**What is expected**
Would you please repeat all of the data exactly, omitting the pictures?

**Records for this task**
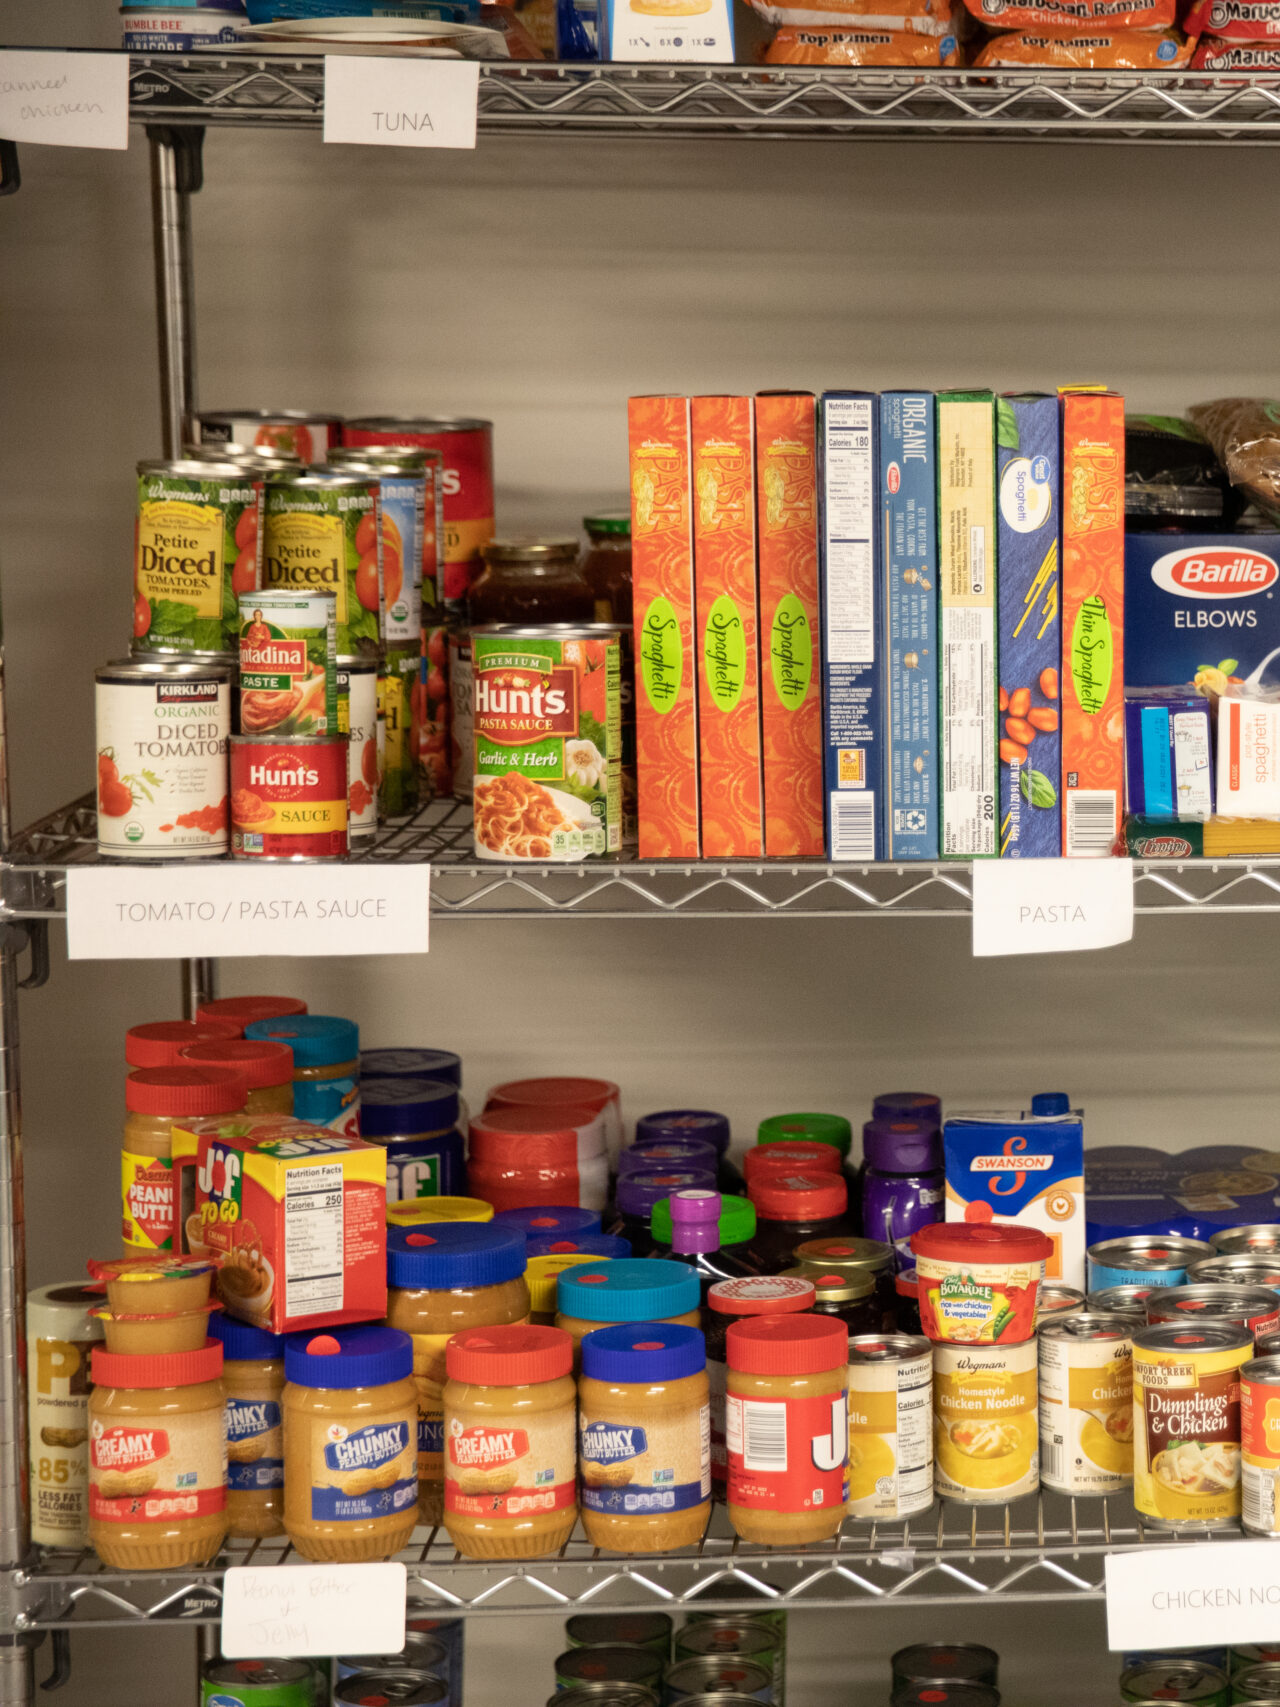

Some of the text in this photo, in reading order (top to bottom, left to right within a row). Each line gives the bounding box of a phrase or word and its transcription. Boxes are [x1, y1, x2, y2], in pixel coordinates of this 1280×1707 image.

[160, 20, 183, 31] BEE
[798, 32, 828, 46] Top
[133, 83, 171, 94] METRO
[371, 111, 434, 133] TUNA
[853, 402, 868, 411] Facts
[902, 397, 927, 464] ORGANIC
[828, 436, 869, 447] Calories 180
[148, 482, 210, 503] Wegmans
[1016, 471, 1027, 522] Spaghetti
[154, 533, 198, 550] Petite
[278, 544, 321, 559] Petite
[141, 545, 216, 577] Diced
[267, 558, 341, 585] Diced
[1181, 559, 1270, 584] Barilla
[1174, 609, 1258, 629] ELBOWS
[484, 656, 541, 669] PREMIUM
[642, 614, 677, 700] Spaghetti
[705, 612, 740, 699] Spaghetti
[771, 611, 806, 697] Spaghetti
[243, 676, 279, 688] PASTE
[1073, 636, 1105, 714] Spaghetti
[159, 684, 217, 697] KIRKLAND
[154, 704, 220, 719] ORGANIC
[157, 723, 219, 741] DICED
[479, 718, 554, 731] PASTA SAUCE
[479, 750, 558, 767] Garlic & Herb
[1010, 757, 1020, 770] NET
[281, 809, 331, 823] SAUCE
[983, 794, 994, 821] 200
[115, 899, 387, 923] TOMATO / PASTA SAUCE
[1019, 904, 1087, 924] PASTA
[286, 1164, 342, 1180] Nutrition Facts
[976, 1156, 1047, 1171] SWANSON
[286, 1194, 341, 1212] Calories 250
[940, 1281, 992, 1300] BOYARDEE
[940, 1299, 993, 1312] rice chicken
[951, 1308, 987, 1322] vegetables
[956, 1356, 1007, 1375] Wegmans
[1160, 1366, 1193, 1377] CREEK
[1142, 1375, 1169, 1386] FOODS
[958, 1386, 1006, 1400] Homestyle
[36, 1397, 79, 1409] powdered
[939, 1394, 1026, 1411] Chicken Noodle
[1148, 1391, 1229, 1421] Dumplings
[1151, 1413, 1229, 1438] & Chicken
[94, 1432, 155, 1459] CREAMY
[334, 1425, 403, 1463] CHUNKY
[454, 1432, 514, 1456] CREAMY
[581, 1428, 634, 1450] CHUNKY
[37, 1491, 83, 1504] LESS FAT
[37, 1501, 82, 1514] CALORIES
[184, 1598, 218, 1609] METRO
[1152, 1587, 1241, 1611] CHICKEN
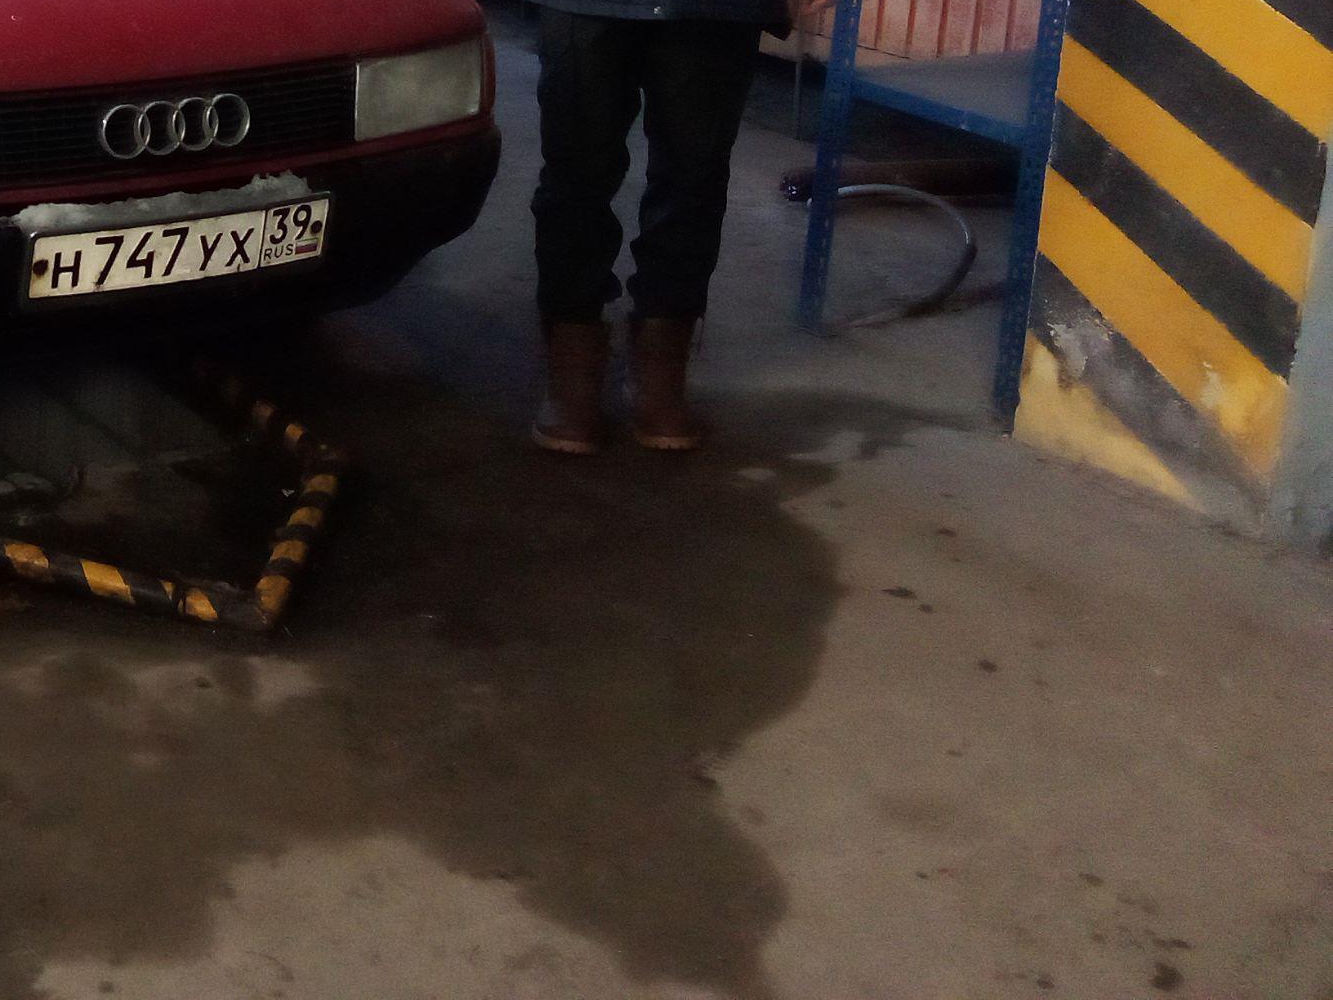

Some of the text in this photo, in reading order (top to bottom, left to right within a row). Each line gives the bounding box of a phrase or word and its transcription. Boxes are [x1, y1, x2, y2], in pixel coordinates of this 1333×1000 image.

[51, 204, 313, 289] Н747УХ 39
[263, 244, 294, 261] RUS

**Solution to this task**
Some of the text in this photo, in reading order (top to bottom, left to right within a row). Each line gives the bounding box of a phrase or word and its transcription. Boxes are [x1, y1, x2, y2], in pixel coordinates of this 1280×1707 image.

[160, 20, 183, 31] BEE
[798, 32, 828, 46] Top
[133, 83, 171, 94] METRO
[371, 111, 434, 133] TUNA
[853, 402, 868, 411] Facts
[902, 397, 927, 464] ORGANIC
[828, 436, 869, 447] Calories 180
[148, 482, 210, 503] Wegmans
[1016, 471, 1027, 522] Spaghetti
[154, 533, 198, 550] Petite
[278, 544, 321, 559] Petite
[141, 545, 216, 577] Diced
[267, 558, 341, 585] Diced
[1181, 559, 1270, 584] Barilla
[1174, 609, 1258, 629] ELBOWS
[484, 656, 541, 669] PREMIUM
[642, 614, 677, 700] Spaghetti
[705, 612, 740, 699] Spaghetti
[771, 611, 806, 697] Spaghetti
[243, 676, 279, 688] PASTE
[1073, 636, 1105, 714] Spaghetti
[159, 684, 217, 697] KIRKLAND
[154, 704, 220, 719] ORGANIC
[157, 723, 219, 741] DICED
[479, 718, 554, 731] PASTA SAUCE
[479, 750, 558, 767] Garlic & Herb
[1010, 757, 1020, 770] NET
[281, 809, 331, 823] SAUCE
[983, 794, 994, 821] 200
[115, 899, 387, 923] TOMATO / PASTA SAUCE
[1019, 904, 1087, 924] PASTA
[286, 1164, 342, 1180] Nutrition Facts
[976, 1156, 1047, 1171] SWANSON
[286, 1194, 341, 1212] Calories 250
[940, 1281, 992, 1300] BOYARDEE
[940, 1299, 993, 1312] rice chicken
[951, 1308, 987, 1322] vegetables
[956, 1356, 1007, 1375] Wegmans
[1160, 1366, 1193, 1377] CREEK
[1142, 1375, 1169, 1386] FOODS
[958, 1386, 1006, 1400] Homestyle
[36, 1397, 79, 1409] powdered
[939, 1394, 1026, 1411] Chicken Noodle
[1148, 1391, 1229, 1421] Dumplings
[1151, 1413, 1229, 1438] & Chicken
[94, 1432, 155, 1459] CREAMY
[334, 1425, 403, 1463] CHUNKY
[454, 1432, 514, 1456] CREAMY
[581, 1428, 634, 1450] CHUNKY
[37, 1491, 83, 1504] LESS FAT
[37, 1501, 82, 1514] CALORIES
[184, 1598, 218, 1609] METRO
[1152, 1587, 1241, 1611] CHICKEN

Some of the text in this photo, in reading order (top to bottom, left to right within a row). Each line gives the bounding box of a phrase or word and its transcription. Boxes are [x1, y1, x2, y2], in pixel coordinates of this 1333×1000 image.

[51, 204, 313, 289] Н747УХ 39
[263, 244, 294, 261] RUS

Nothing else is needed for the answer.